You mean the ratings?Keith_McClary said:Are they reset to the same factory setting before each game?
Yes, it was a shower thought. The computers are exactly identical. So you mean it would be a uniform distribution?hutchphd said:I find this an interesting question partially because it is rather vaguely worded. For instance are the computers identical? If not how can their ratings be exactly the same? If not how does one quantify this? Would the result depend upon the tournament rules?
I guess that in the proposed infinite limit the ratings would end up the same and equal..
I mean the computers. Are they reset before each game? Or perhaps they are AIs that learn from experience?iVenky said:You mean the ratings?
Keith_McClary said:I mean the computers. Are they reset before each game? Or perhaps they are AIs that learn from experience?

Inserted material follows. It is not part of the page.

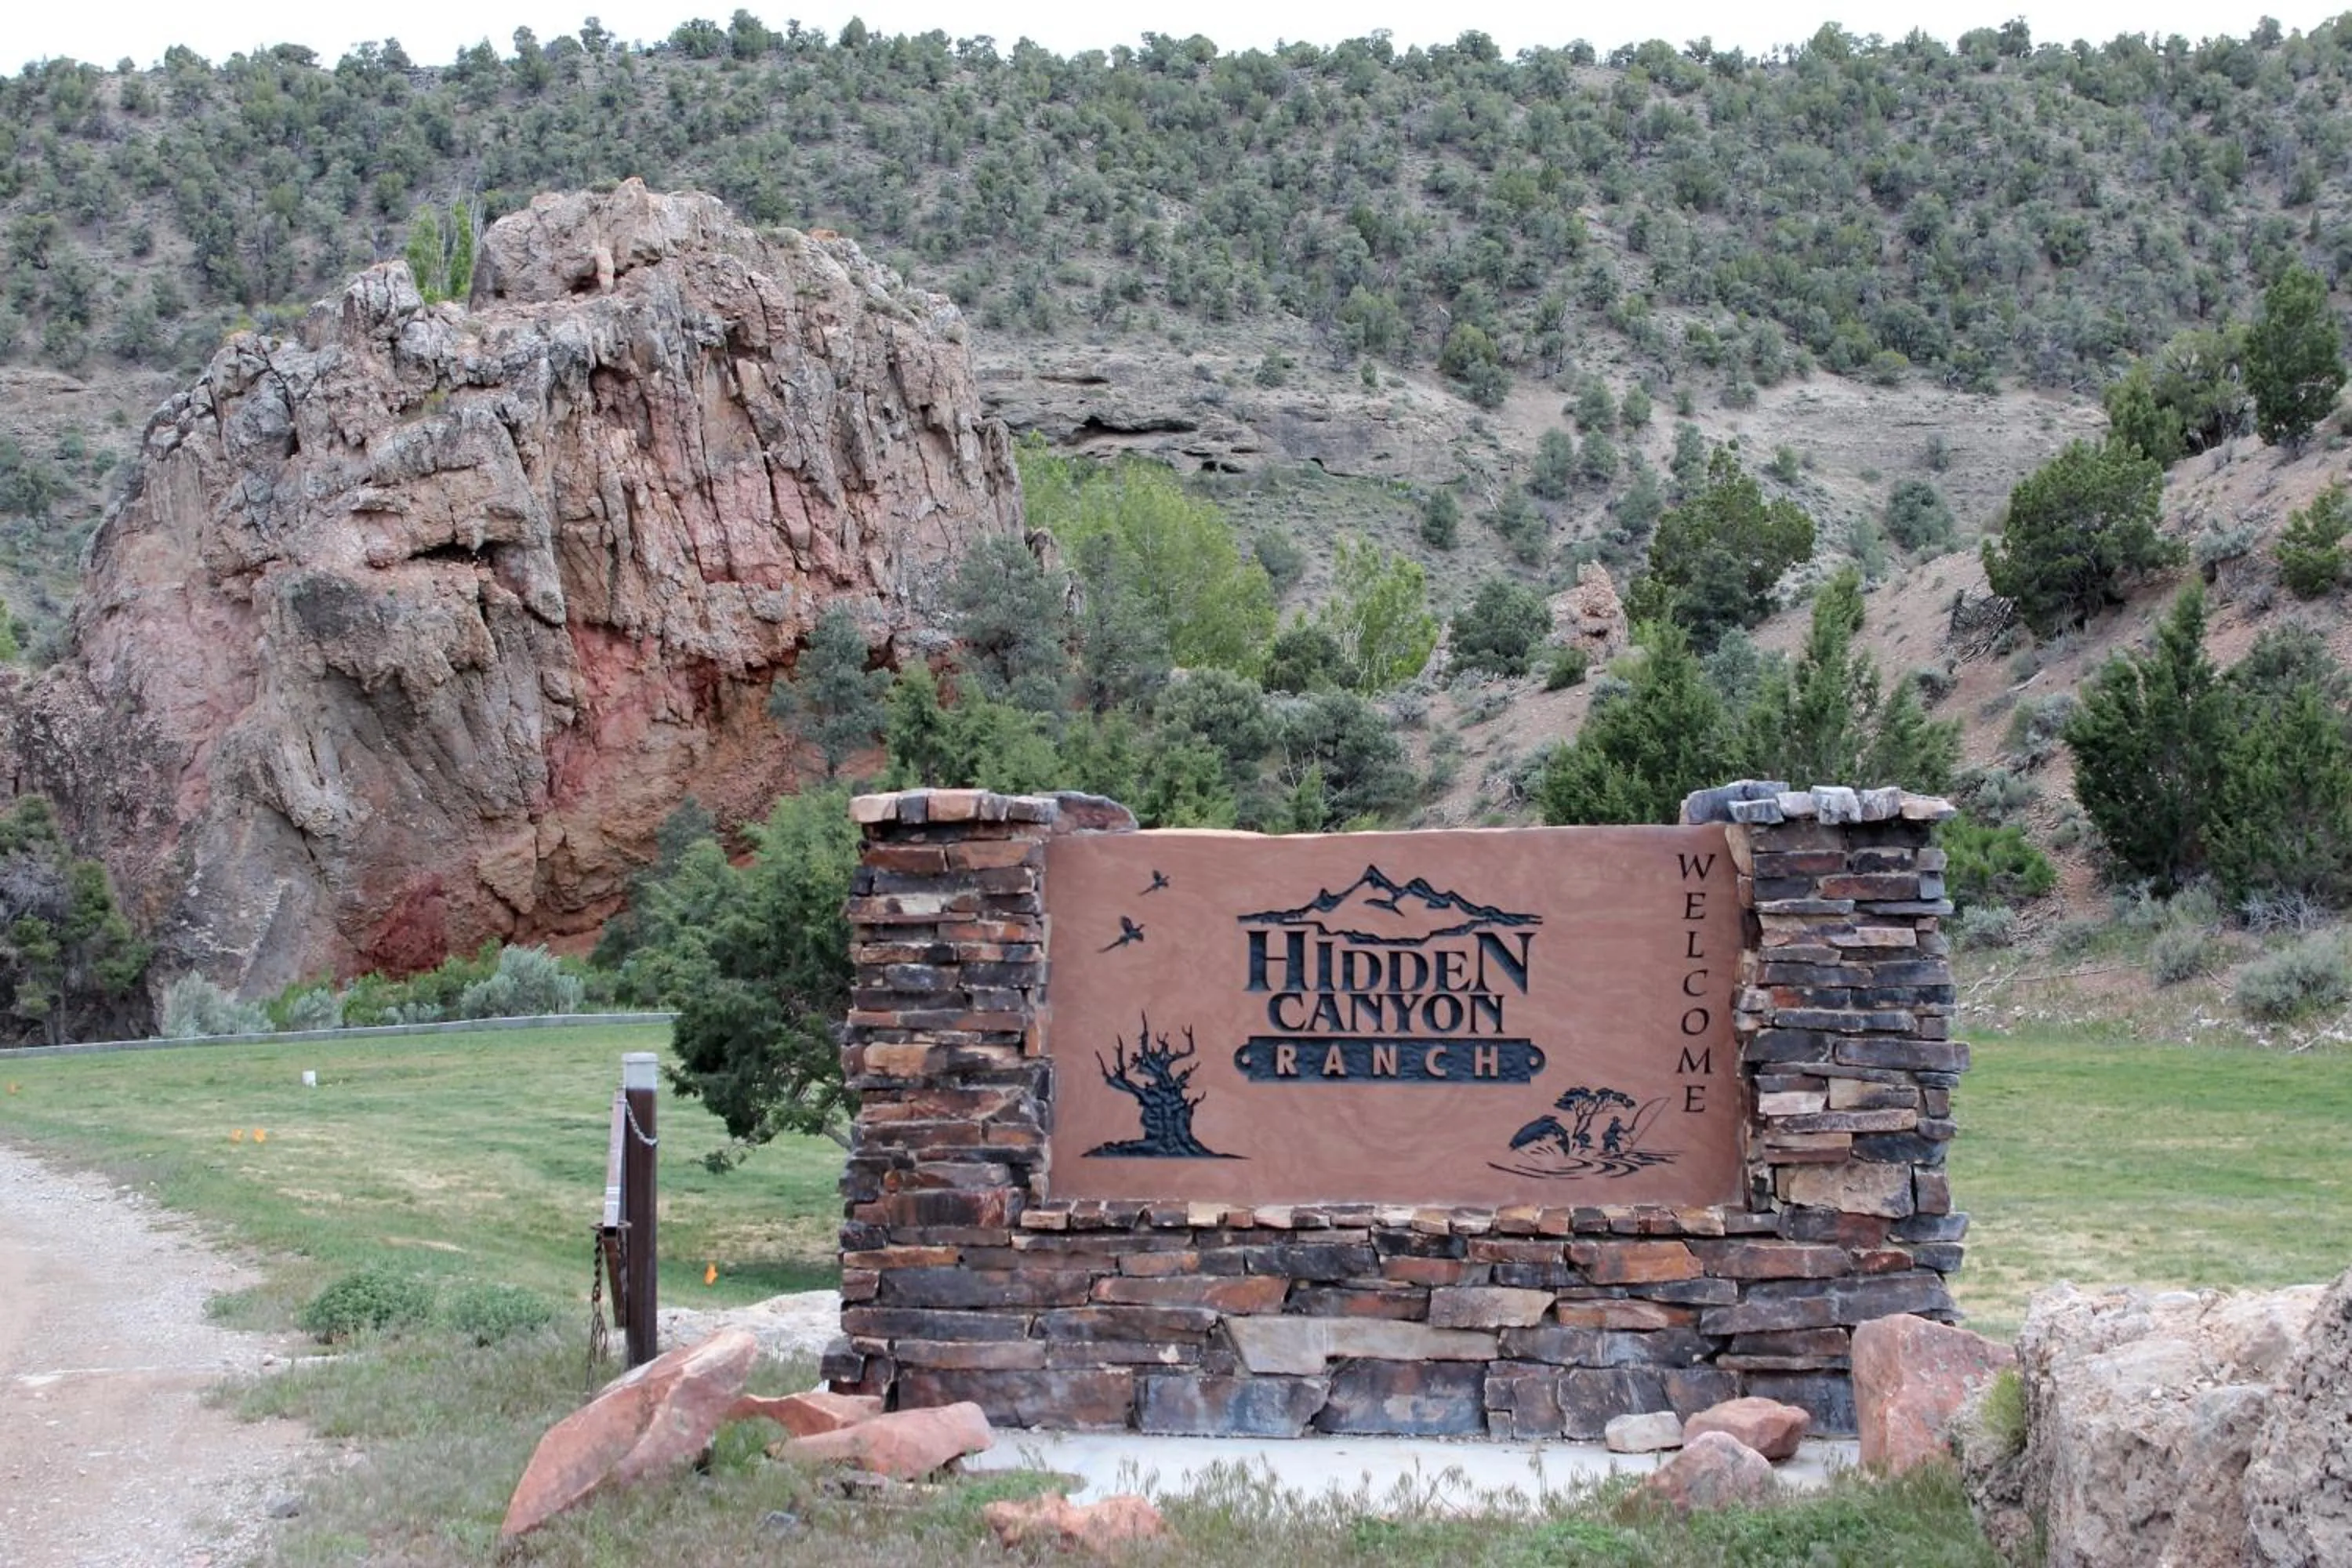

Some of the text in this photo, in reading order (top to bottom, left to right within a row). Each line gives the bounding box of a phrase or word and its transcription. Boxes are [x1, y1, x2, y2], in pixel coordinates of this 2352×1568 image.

[1244, 931, 1537, 994] HIDDEN
[1675, 853, 1716, 1112] WELCOME
[1267, 993, 1504, 1034] CANYON
[1275, 1044, 1499, 1077] RANCH

pbuk said:By the central limit theorem, normal.
Uniform within what range? How would you account for the discontinuities at the bounds of that range?iVenky said:That's what I am not sure of, if it would be normal or uniform.
BWV said:As ELO measures wins in zero sum games, ignoring draws and white vs black , the distribution of wins for identically skilled chess players would look like fair coin flips, so what is the distribution of ELOs for an infinite number of coin flippers?
What do mean by "it"? Define the random variable ( random vector?) that you are asking about.iVenky said:So you mean it would be a uniform distribution?
Stephen Tashi said:What do mean by "it"? Define the random variable ( random vector?) that you are asking about.
Are you asking about a vector representing the ratings of each machine as a sequence of round robin tournaments proceeds? A uniform distribution on such vectors would imply that a vector of ratings that were "highly unequal" would have the same probability as a vector of ratings that were all equal.
A PDF (probability density function) is a mathematical function that describes the likelihood of a specific outcome occurring in a random event. In the context of chess computers, the PDF represents the probability of a certain rating being achieved by a group of chess computers.
The PDF for a group of chess computers with the same rating is calculated using a statistical model that takes into account the individual ratings of each computer, as well as the distribution of ratings within the group. This model uses the Elo rating system, which is commonly used in chess to measure the relative skill levels of players.
Yes, the PDF can be used to make predictions about the performance of a group of chess computers with the same rating. However, it should be noted that the PDF is based on statistical probabilities and cannot account for unexpected factors that may affect the performance of the computers.
The PDF will become more narrow and peaked as the number of chess computers in the group increases. This is because with a larger sample size, the distribution of ratings within the group becomes more consistent and predictable.
Yes, there are limitations to using the PDF to analyze a group of chess computers with the same rating. The PDF is based on assumptions and may not accurately reflect the true performance of the computers. Additionally, it does not take into account external factors such as the quality of opponents or the specific strategies used by each computer.